Little Awful Practices (I)

The first post of this series is about repeating code. We all know that code repetition doesn't smell good, but sometimes we just don't have the time to fix it (which I know, should however be no excuse). But I've recently seen this piece of code, which really annoyed me. Why? Not only because it's a lot of repeated code, but also it was like 70 lines of code instead about the 17 it could be. One must scroll the code over and over to see what is was doing instead of having all in the same screen! I know, that can't hurt anybody, but I still disagree with this smalls things ;)

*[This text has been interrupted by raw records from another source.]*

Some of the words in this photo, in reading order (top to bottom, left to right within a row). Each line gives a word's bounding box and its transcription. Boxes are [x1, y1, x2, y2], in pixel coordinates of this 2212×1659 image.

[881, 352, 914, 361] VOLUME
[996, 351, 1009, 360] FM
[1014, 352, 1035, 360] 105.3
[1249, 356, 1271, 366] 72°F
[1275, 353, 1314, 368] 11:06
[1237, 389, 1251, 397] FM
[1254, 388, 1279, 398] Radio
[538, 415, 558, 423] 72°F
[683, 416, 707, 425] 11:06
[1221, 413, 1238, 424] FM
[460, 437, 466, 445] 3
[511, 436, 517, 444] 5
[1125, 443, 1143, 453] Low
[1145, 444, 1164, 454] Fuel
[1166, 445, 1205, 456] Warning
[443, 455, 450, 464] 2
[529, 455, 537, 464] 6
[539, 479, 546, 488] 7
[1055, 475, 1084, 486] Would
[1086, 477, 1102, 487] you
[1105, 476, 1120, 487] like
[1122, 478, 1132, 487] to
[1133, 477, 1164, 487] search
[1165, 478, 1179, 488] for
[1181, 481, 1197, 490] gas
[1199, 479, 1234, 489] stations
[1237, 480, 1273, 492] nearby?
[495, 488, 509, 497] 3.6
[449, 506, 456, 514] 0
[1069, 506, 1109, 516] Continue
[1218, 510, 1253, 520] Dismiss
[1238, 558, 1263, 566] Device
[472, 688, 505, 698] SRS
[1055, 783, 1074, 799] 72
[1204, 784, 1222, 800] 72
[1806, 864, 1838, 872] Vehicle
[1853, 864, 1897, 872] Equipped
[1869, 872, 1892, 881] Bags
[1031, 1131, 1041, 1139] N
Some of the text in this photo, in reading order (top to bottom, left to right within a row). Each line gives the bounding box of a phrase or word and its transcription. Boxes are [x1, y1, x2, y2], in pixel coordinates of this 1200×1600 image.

So, this was the original code:

public static void LoadPersistentData() 
{
  try 
  {
    // load plug-in configurations
    Manager01.LoadPersistentData();
  } 
  catch( Exception ex ) 
  {
    Utilities.Logger.Instance.LogError( ex );
  }

  try 
  {
    // load user preferences
    Manager02.LoadPersistentData();
  } 
  catch( Exception ex ) 
  {
    Utilities.Logger.Instance.LogError( ex );
  }

  // lots of try-catchs...
  
  try 
  {
 // load model configurations
    Manager07.LoadPersistentData();
  } 
  catch( Exception ex ) 
  {
    Utilities.Logger.Instance.LogError( ex );
  }
}


I've change the real name of the objects because of privacy, but they were all "managers". If we just apply some basic refactoring, just look what do we have in the end. Is it worth the "effort"?

public static void LoadPersistentData()
{
 try
 {
  Manager01.LoadPersistentData();
  Manager02.LoadPersistentData();
  /// lots of calls...
  Manager07.LoadPersistentData();
 }
 catch (Exception ex)
 {
  Utilities.Logger.Instance.LogError(ex);
 }
}

I think it's not a big deal to perform such refactoring... And it also doesn't take any time to do it, whether  you have the time or not.